There are plenty of things that are obvious additions to a range bag. You’ll need eye and ear protection. If you like to bring guests, then pack extra safety glasses and hearing muffs, so everyone has a set. Targets, a stapler, and spare staples are also a given. Is that all you need? Not if you want to guarantee an interruption-free outing.
My “close” range is a half hour away. My other range is just over an hour drive. That means it’s important that I have what I need to make sure I can enjoy my time there without worry of prematurely ending a session due to some unexpected gotcha. That’s why I carry some extra “less traditional” items in my range kit.
Cloth Athletic Tape
I keep a roll of that white, cloth, athletic tape in my bag all the time. It’s excellent for both bio and mechanical failures.
On the body repair side, it’s a great quick fix for developing blisters, whether on your trigger finger or feet. Trigger finger blisters? Really? Well, yes, it happens, especially with high-volume shooting of an unfamiliar gun. The combination of the trigger guard and recoil can quickly rub a raw spot onto your hand.
That tape is also plenty sturdy and makes an excellent field repair tool. I’ve used it to “suture” torn sandbags, tape targets when I’ve run out of staples, and hold a broken grip panel on a handgun to name a few uses. In short, if it breaks, maybe tape can fix it. Duct tape is a decent alternative too; it’s just not as flexible for those "bio repairs."
Gun Oil or CLP
You can always take a cleaning kit to the range if you really want to, but that doesn’t sound like much fun, now does it? When I’m at the range, I’d much rather be shooting than cleaning! Anyway, that’s not what I’m talking about here.
Keeping a small container of general purpose gun oil or CLP (Cleaner, Protectant, Lubricant) can save the day. Guns get dirty, and when used a lot, that dirt and grime can dry out and create, and here’s the technical term, crud. Sometimes that crud builds up to the point where malfunctions start happening. While not recommended by any factory anywhere (they’ll tell you to do a proper cleaning), you might keep your gun in the game with a shot of oil in the moving parts area. Yes, you should still clean your gun when you get home because that’s the proper fix, but if adding some lube will keep it running until then, it’s an easy and expedient solution.
I carry a small (and light) collection of tools in my range bag. A multi-tool is a must, especially one that has a screwdriver (flat and Phillips), pliers, and a pin punch. Another handy addition is a collection of Allen and Torx wrenches. Many, many gun parts like grip screws, scope rings, and lasers use these types of wrenches for mounting and adjustment. Fortunately, they are small and light and add little weight or bulk to your range kit. A brass, segmented cleaning rod also comes in handy for stuck cases. While true squib loads, where the bullet gets stuck in the bore, are rare, it’s far more common for a cartridge to come apart during manual ejection, leaving the bullet stuck in the chamber. Being able to poke out cases or bore obstructions will keep you shooting. Tools made of brass aren’t going to cause damage to the harder steel parts on your gun. If you shoot rifles or carbines, an adjustable crescent wrench is also helpful for tightening those mounting nuts on scope or red dot sight bases.

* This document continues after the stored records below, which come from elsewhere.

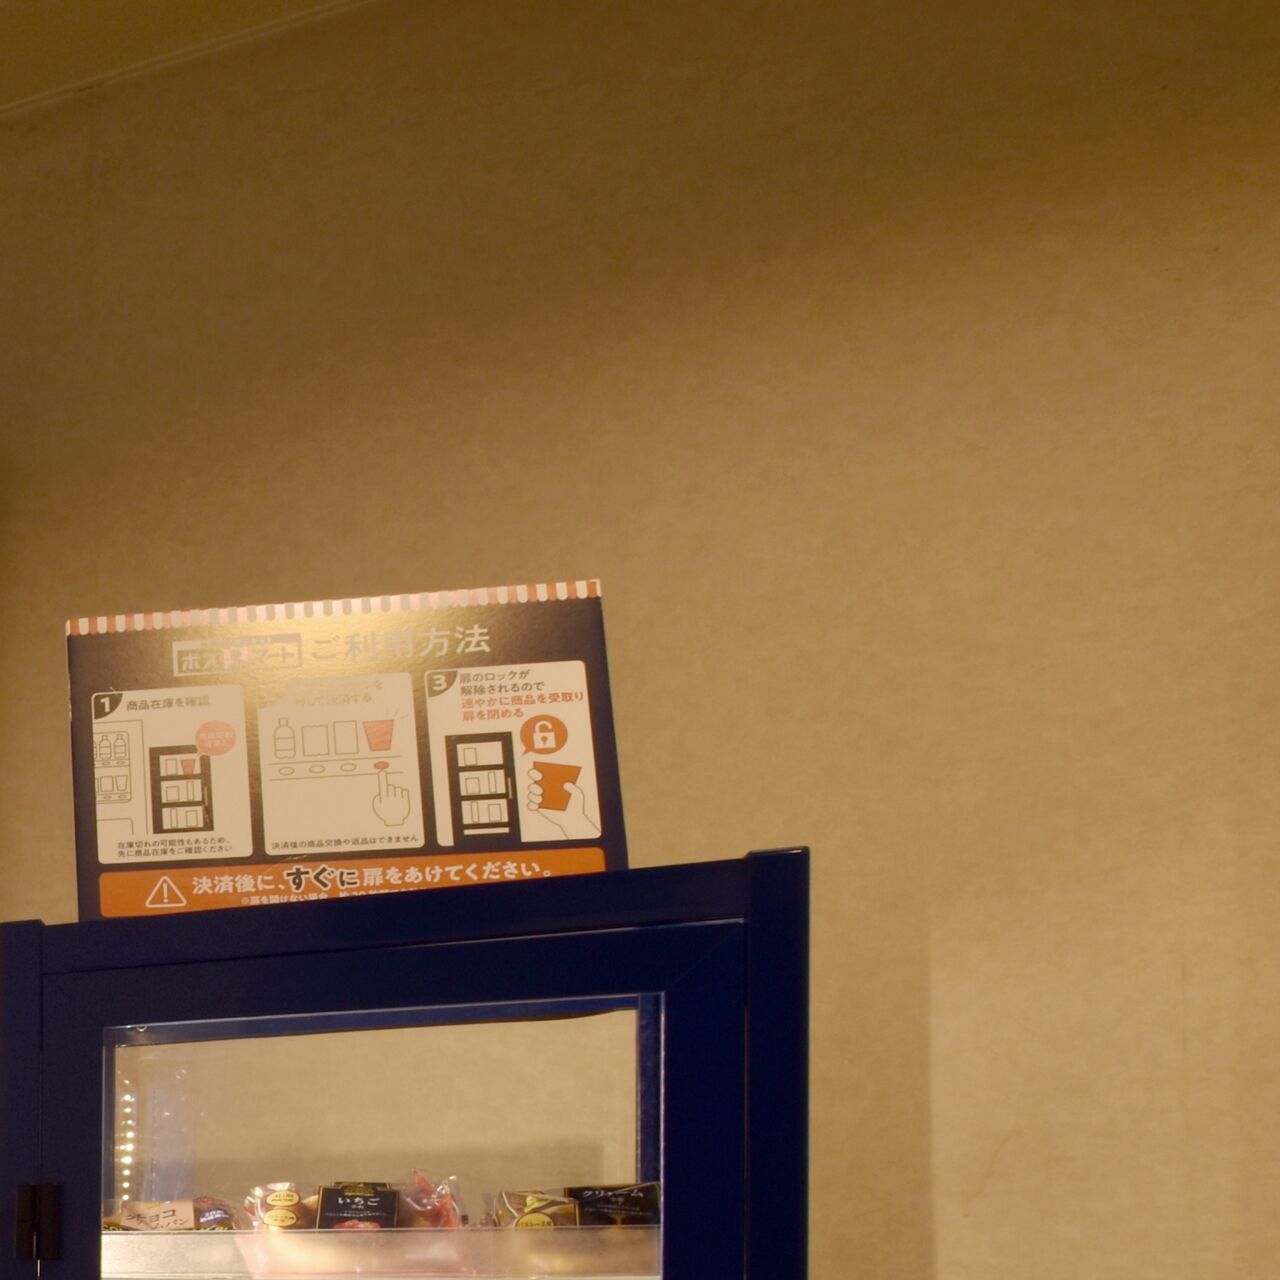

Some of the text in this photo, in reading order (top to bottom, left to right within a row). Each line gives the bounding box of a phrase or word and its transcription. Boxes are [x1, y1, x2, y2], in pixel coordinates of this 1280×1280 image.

[433, 675, 447, 690] 3
[460, 669, 530, 684] 扉のロックが
[461, 682, 544, 696] 解除されるので
[100, 697, 110, 712] 1
[127, 696, 210, 711] 商品在庫を確認
[461, 691, 583, 709] 速やかに商品を受取り
[462, 708, 524, 721] 扉を閉める
[117, 838, 230, 850] 在庫切れの可能性もあるため、
[271, 834, 419, 850] 決済後の商品交換や返品はできません
[117, 845, 232, 858] 先に商品在庫をご確認ください
[336, 1194, 381, 1208] いちご
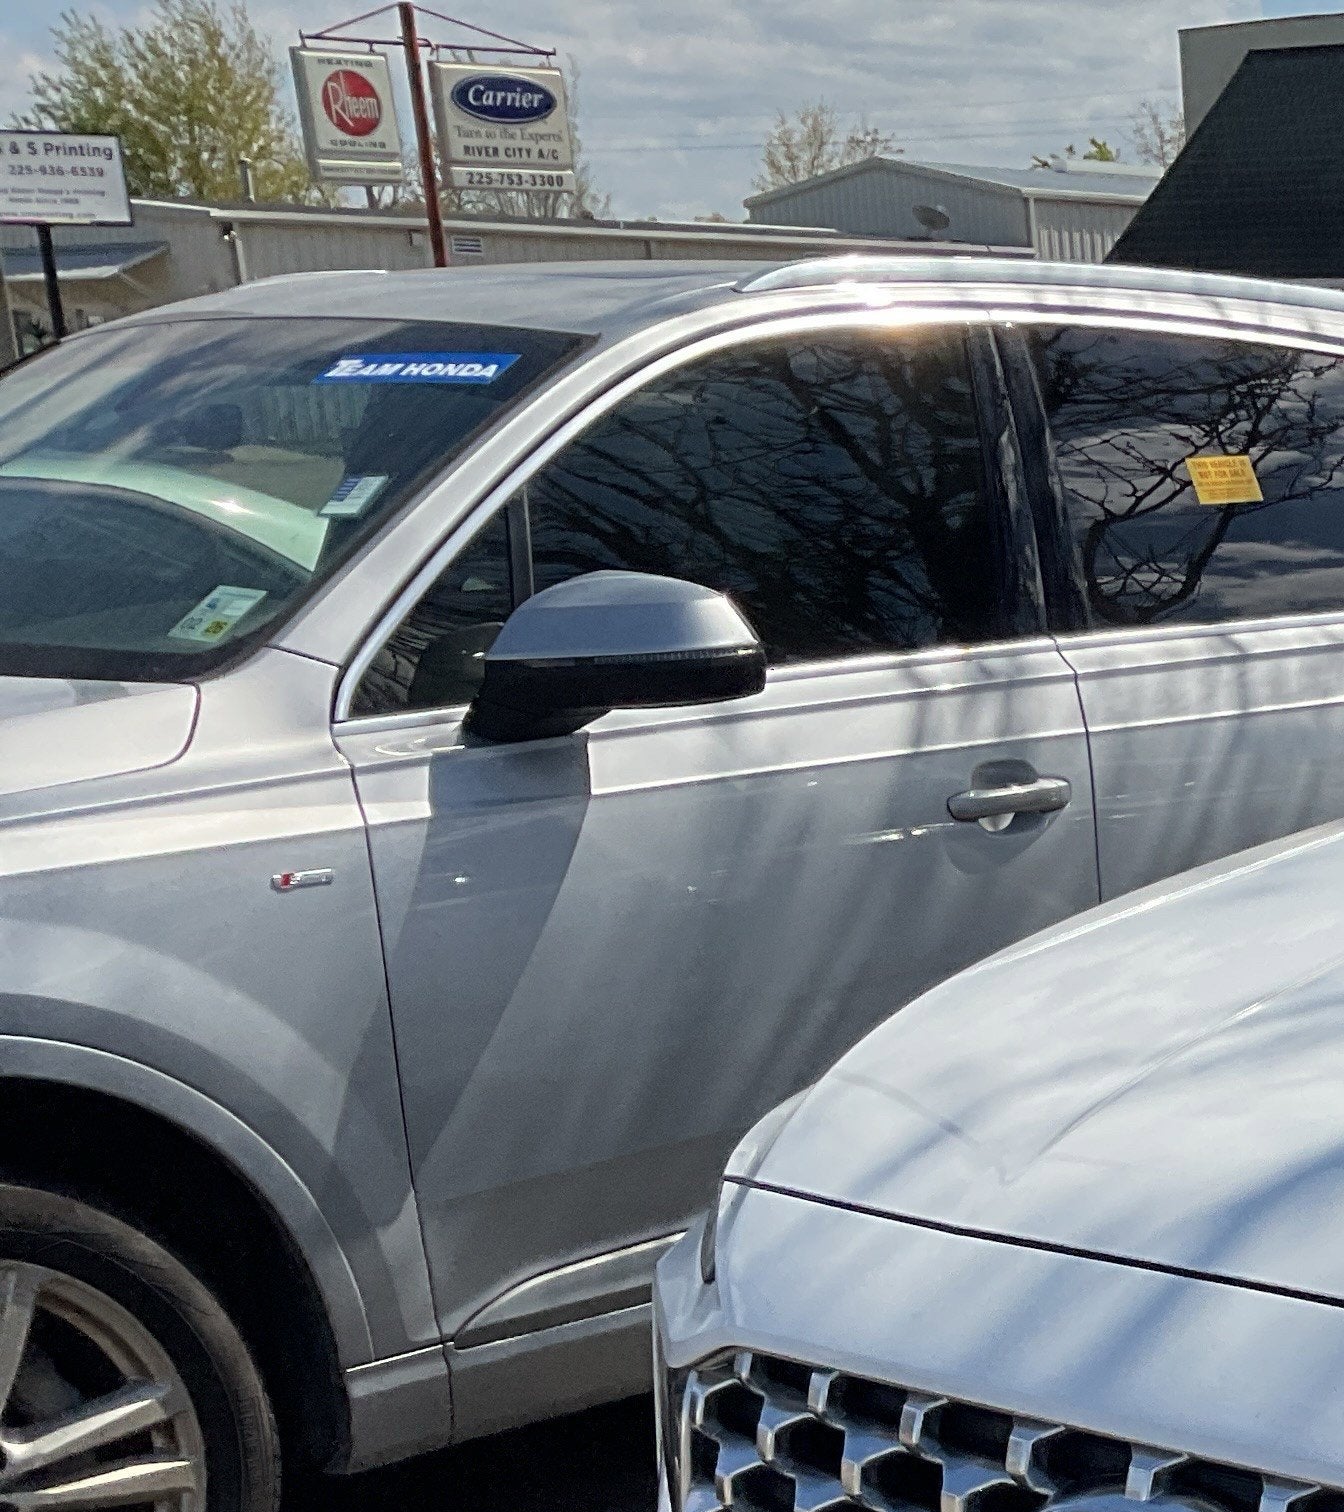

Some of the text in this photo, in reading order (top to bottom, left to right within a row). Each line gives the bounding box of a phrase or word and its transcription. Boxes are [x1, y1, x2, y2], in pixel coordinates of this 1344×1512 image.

[326, 70, 380, 127] Rheem
[467, 84, 544, 108] Carrier
[43, 142, 113, 160] Printing
[463, 144, 559, 161] RIVER CITY A/C
[466, 171, 564, 187] 225-753-3300
[324, 359, 499, 377] TEAM HONDA

While ammo manufacturers are jumping on the bandwagon to produce primers that don’t use lead compounds, we’re not there yet, and ranges tend to have lots of environmental lead scattered about. For indoor range visits, you can usually wash your hands when finished shooting to reduce the risk of lead contamination. As for more rural outdoor ranges, it’s good to have a quick clean up option available. You can get filthy out there.
I carry two types of hand wipes. Grime Boss makes fantastic general purpose hand and body disposable cleaning cloths. One side of the cloth is rough to get the dirt off while the other is smooth. You can get these in soft packs, so they’re light and don’t take up much space. The other type I carry is lead removal wipes. Through some VooDoo magic, these products (there are several brands) use ions, electronics, and flux capacitors to draw stubborn lead residue away from your skin. Apparently, regular wipes don’t do a great job removing lead from skin.
Whether you shoot handguns or rifles, a simple sandbag rest can really come in handy. Are your shots impacting somewhere other than what you expect? Using a quick and dirty rest for your gun can quickly rule out shooter errors like flinching. So, if you think your sights are off, use a quick rest like this to make sure it’s not you. Pro-tip! To save lots of weight, fill this bag with rice or plastic beads. It’ll still offer flexibility and support, but it’s a heck of a lot easier to lug around.
A small rail-mounted laser can be a great training tool. Perfect shot technique calls for you to hold your sights still before, during, and after the shot. Even when you’re using iron sights, you’ll see that dot dance all over the place on target if your hold and follow-through aren’t steady. If it’s too distracting, just have a friend watch the laser movement while you shoot.
It’s easy to customize your own “necessities kit” over time. Every time you run into a glitch at the range that either stops your shooting or limits your effectiveness in some way, just think about what would have been nice to have to solve the problem.